- _Dataset records_
Content starts
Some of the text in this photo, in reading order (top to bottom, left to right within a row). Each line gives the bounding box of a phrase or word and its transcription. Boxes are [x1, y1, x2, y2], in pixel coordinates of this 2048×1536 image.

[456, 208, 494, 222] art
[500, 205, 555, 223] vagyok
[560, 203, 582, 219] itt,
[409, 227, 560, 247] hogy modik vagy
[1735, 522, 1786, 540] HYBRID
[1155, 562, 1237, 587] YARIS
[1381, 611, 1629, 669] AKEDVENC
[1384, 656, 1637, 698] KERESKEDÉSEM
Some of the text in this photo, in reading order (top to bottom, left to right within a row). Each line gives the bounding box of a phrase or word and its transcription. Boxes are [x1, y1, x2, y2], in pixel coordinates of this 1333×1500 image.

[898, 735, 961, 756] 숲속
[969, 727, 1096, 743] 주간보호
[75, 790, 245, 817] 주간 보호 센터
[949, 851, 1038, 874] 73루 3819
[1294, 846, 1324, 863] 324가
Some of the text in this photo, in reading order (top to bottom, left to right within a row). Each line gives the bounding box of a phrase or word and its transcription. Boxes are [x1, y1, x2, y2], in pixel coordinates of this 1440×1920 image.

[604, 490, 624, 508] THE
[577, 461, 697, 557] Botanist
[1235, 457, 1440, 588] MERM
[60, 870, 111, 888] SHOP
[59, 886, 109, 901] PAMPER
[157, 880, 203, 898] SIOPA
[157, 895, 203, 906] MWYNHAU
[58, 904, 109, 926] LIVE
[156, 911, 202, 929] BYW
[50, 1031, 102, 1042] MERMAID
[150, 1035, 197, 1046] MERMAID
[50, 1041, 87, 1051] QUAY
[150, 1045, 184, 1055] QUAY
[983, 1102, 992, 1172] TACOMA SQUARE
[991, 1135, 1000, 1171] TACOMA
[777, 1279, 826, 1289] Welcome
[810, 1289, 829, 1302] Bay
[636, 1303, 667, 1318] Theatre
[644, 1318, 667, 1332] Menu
Content ends
- _What to do_
Every record is to be retyped exactly as given.

- _Completed task_
Some of the text in this photo, in reading order (top to bottom, left to right within a row). Each line gives the bounding box of a phrase or word and its transcription. Boxes are [x1, y1, x2, y2], in pixel coordinates of this 2048×1536 image.

[456, 208, 494, 222] art
[500, 205, 555, 223] vagyok
[560, 203, 582, 219] itt,
[409, 227, 560, 247] hogy modik vagy
[1735, 522, 1786, 540] HYBRID
[1155, 562, 1237, 587] YARIS
[1381, 611, 1629, 669] AKEDVENC
[1384, 656, 1637, 698] KERESKEDÉSEM
Some of the text in this photo, in reading order (top to bottom, left to right within a row). Each line gives the bounding box of a phrase or word and its transcription. Boxes are [x1, y1, x2, y2], in pixel coordinates of this 1333×1500 image.

[898, 735, 961, 756] 숲속
[969, 727, 1096, 743] 주간보호
[75, 790, 245, 817] 주간 보호 센터
[949, 851, 1038, 874] 73루 3819
[1294, 846, 1324, 863] 324가
Some of the text in this photo, in reading order (top to bottom, left to right within a row). Each line gives the bounding box of a phrase or word and its transcription. Boxes are [x1, y1, x2, y2], in pixel coordinates of this 1440×1920 image.

[604, 490, 624, 508] THE
[577, 461, 697, 557] Botanist
[1235, 457, 1440, 588] MERM
[60, 870, 111, 888] SHOP
[59, 886, 109, 901] PAMPER
[157, 880, 203, 898] SIOPA
[157, 895, 203, 906] MWYNHAU
[58, 904, 109, 926] LIVE
[156, 911, 202, 929] BYW
[50, 1031, 102, 1042] MERMAID
[150, 1035, 197, 1046] MERMAID
[50, 1041, 87, 1051] QUAY
[150, 1045, 184, 1055] QUAY
[983, 1102, 992, 1172] TACOMA SQUARE
[991, 1135, 1000, 1171] TACOMA
[777, 1279, 826, 1289] Welcome
[810, 1289, 829, 1302] Bay
[636, 1303, 667, 1318] Theatre
[644, 1318, 667, 1332] Menu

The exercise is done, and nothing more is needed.